**Problem**
Your task is to repeat the entries word for word while leaving out the pictures.

Collected data:
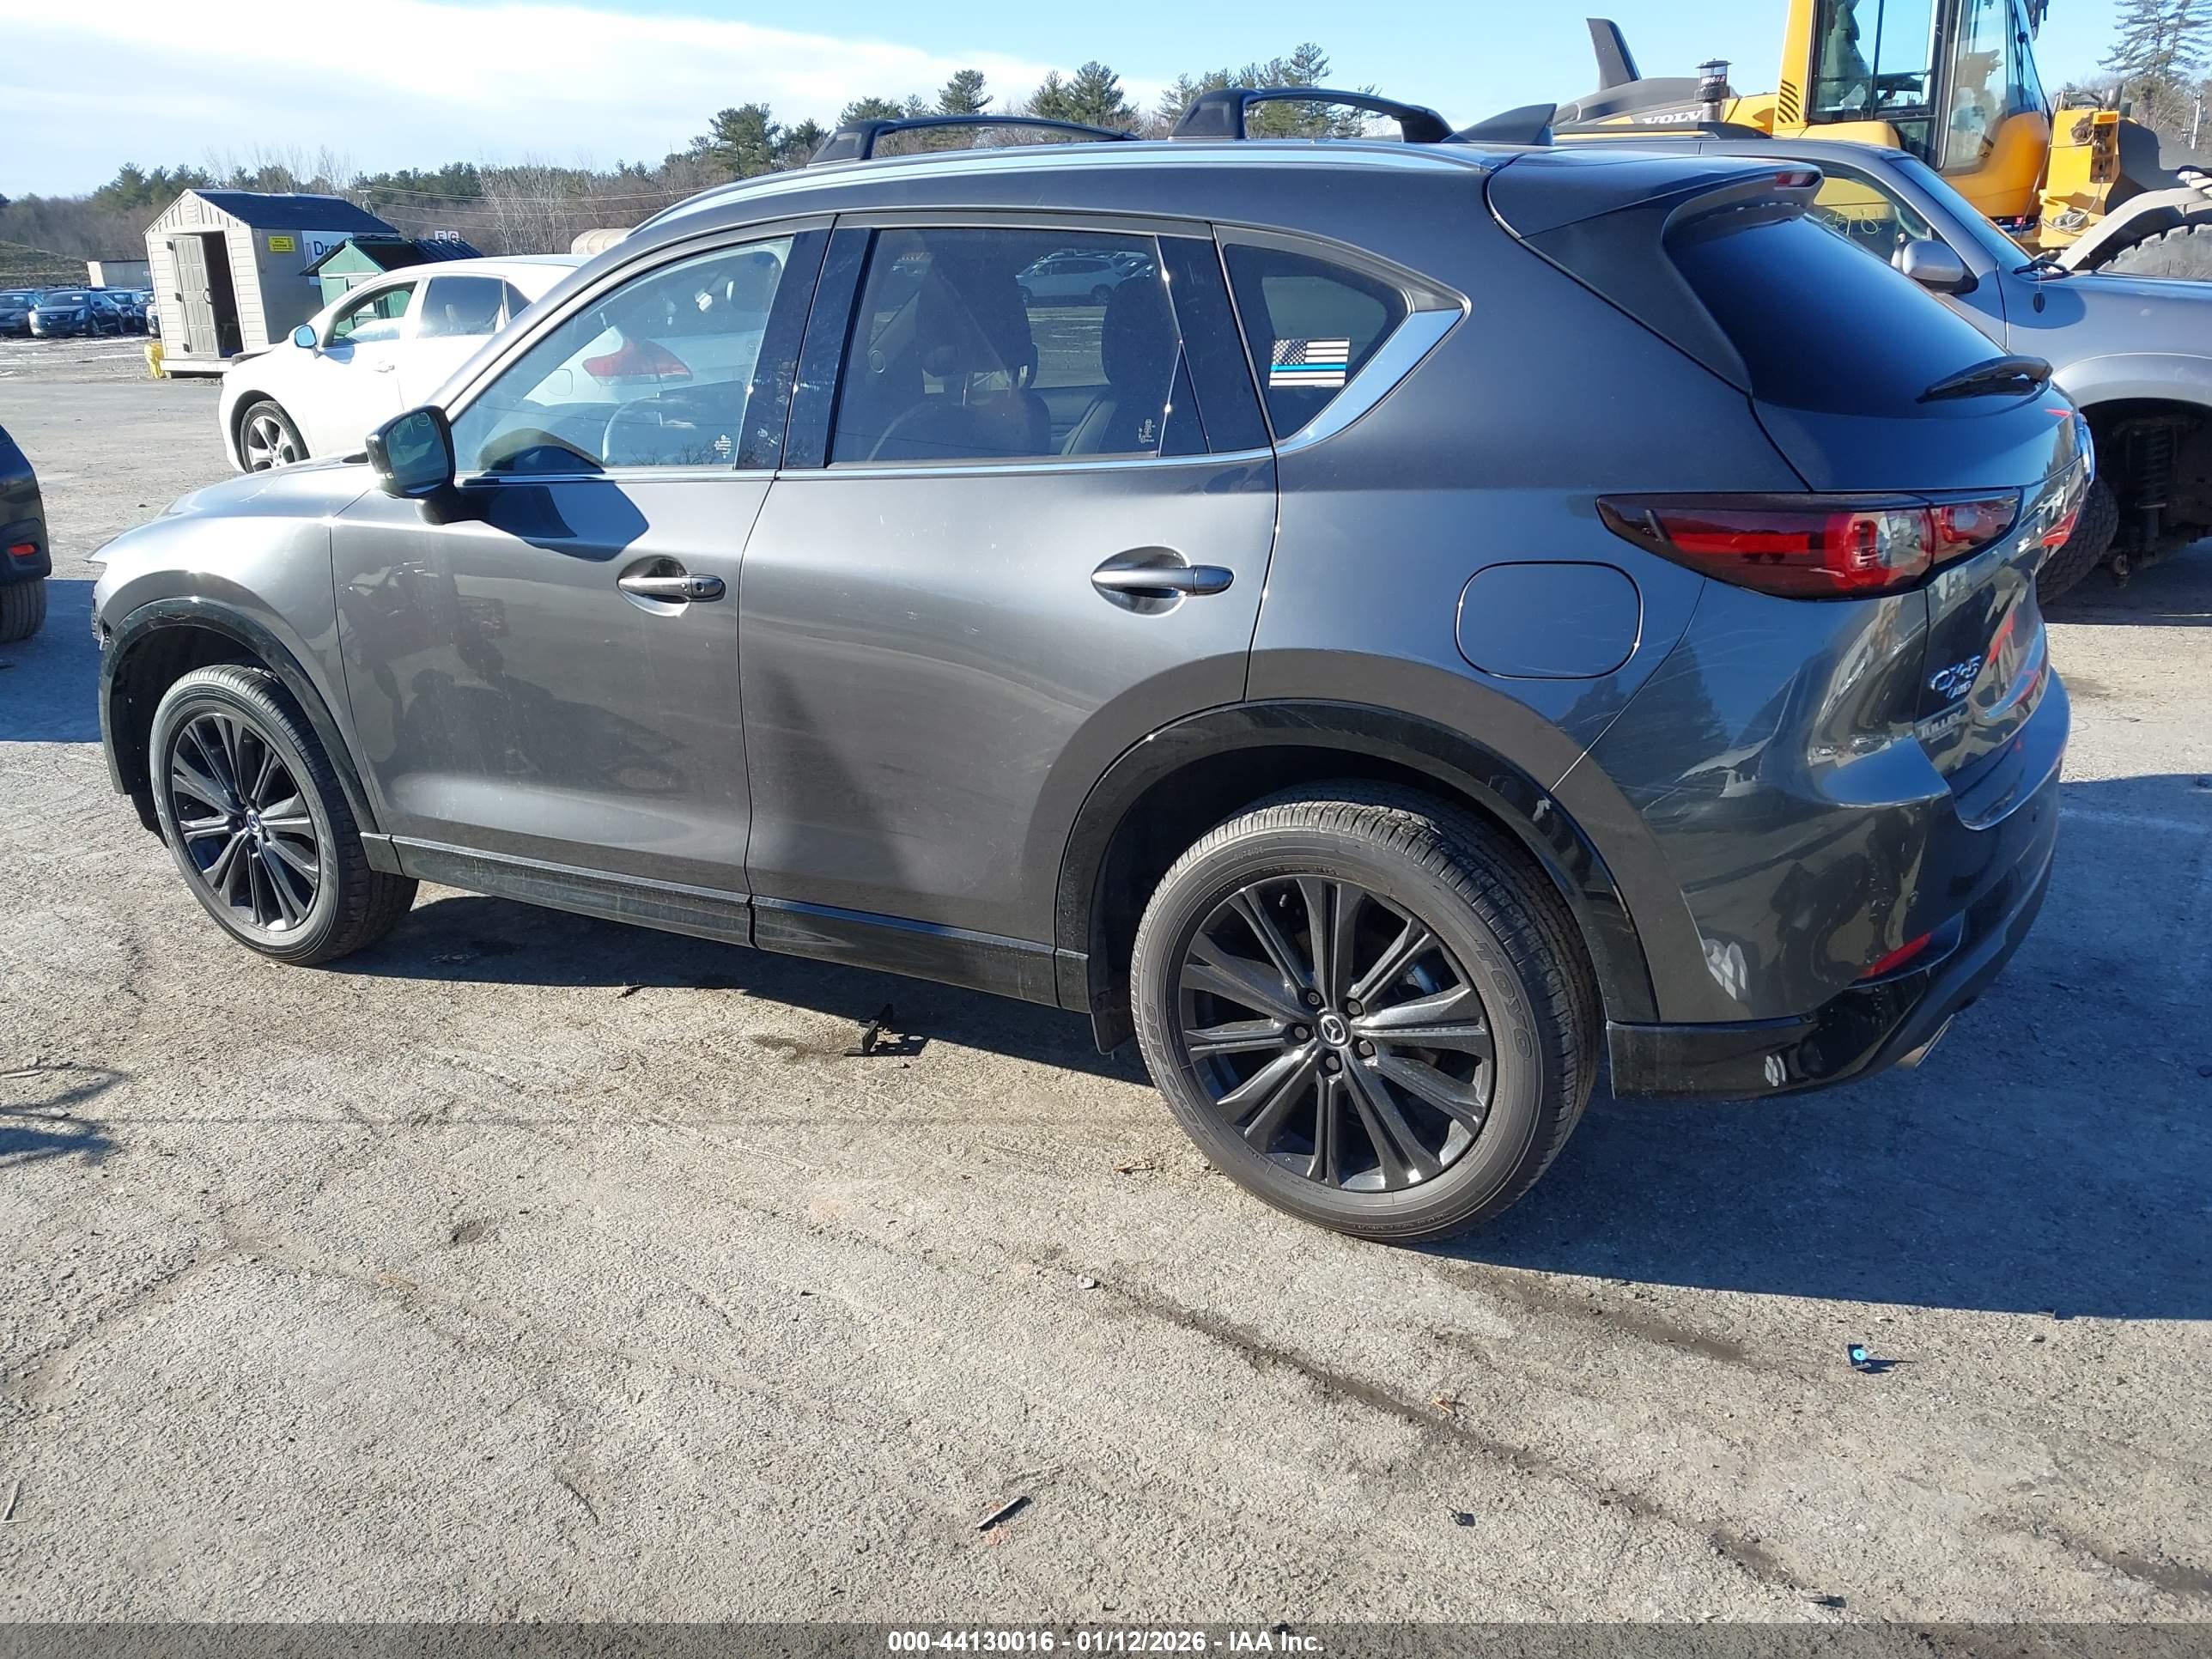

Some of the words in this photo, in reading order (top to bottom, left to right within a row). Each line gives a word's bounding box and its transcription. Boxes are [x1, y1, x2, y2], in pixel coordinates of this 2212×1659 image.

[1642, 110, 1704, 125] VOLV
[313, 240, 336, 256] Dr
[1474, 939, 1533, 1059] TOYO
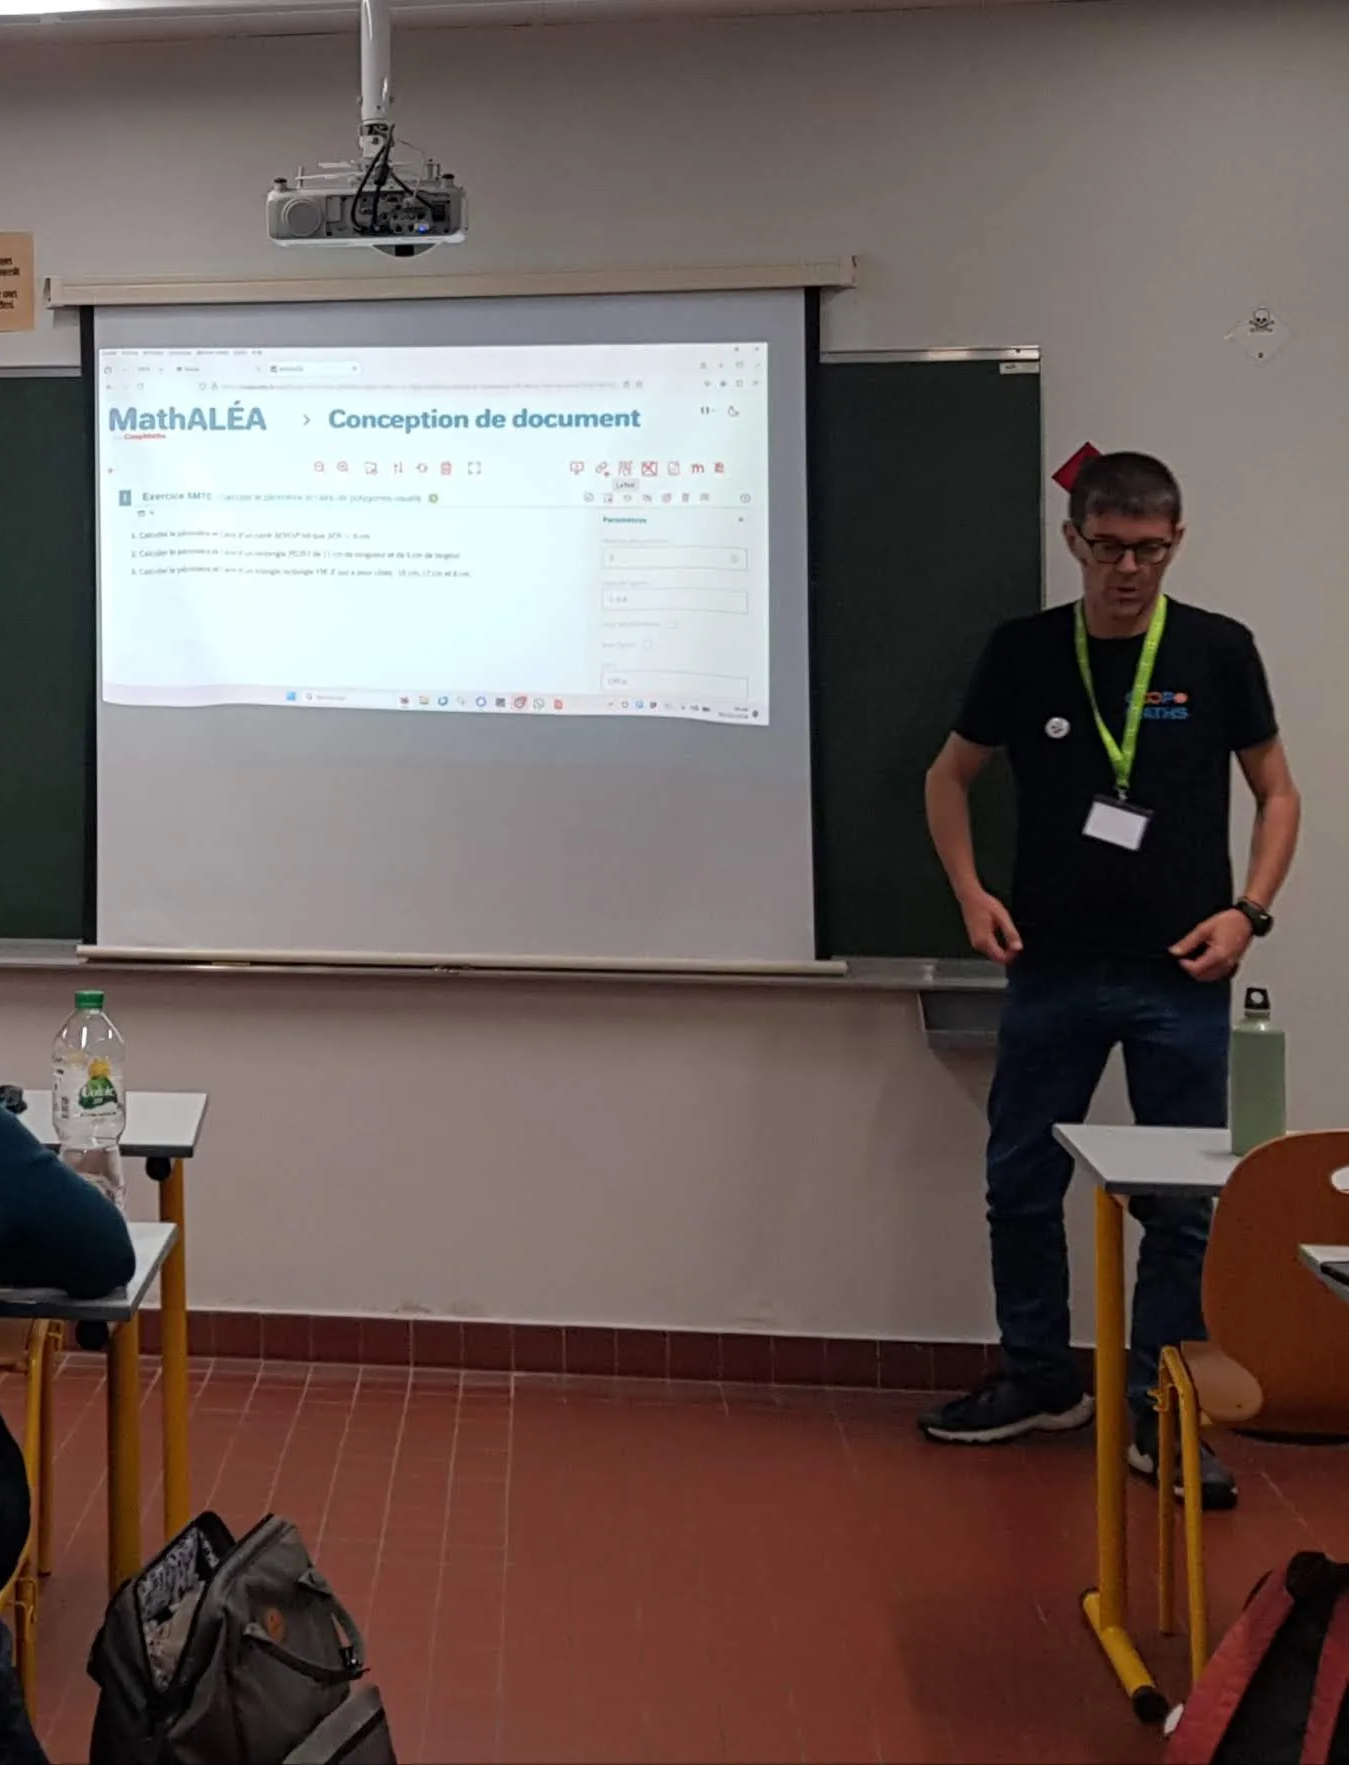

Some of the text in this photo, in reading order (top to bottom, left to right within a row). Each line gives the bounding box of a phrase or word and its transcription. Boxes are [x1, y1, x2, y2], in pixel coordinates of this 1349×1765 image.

**Expected output**
Some of the words in this photo, in reading order (top to bottom, left to right within a row). Each line gives a word's bounding box and its transcription. Boxes are [x1, y1, x2, y2], in pixel coordinates of this 2212×1659 image.

[1642, 110, 1704, 125] VOLV
[313, 240, 336, 256] Dr
[1474, 939, 1533, 1059] TOYO

Some of the text in this photo, in reading order (top to bottom, left to right within a row). Each line gives the bounding box of a phrase or word and its transcription. Boxes are [x1, y1, x2, y2], in pixel coordinates of this 1349×1765 image.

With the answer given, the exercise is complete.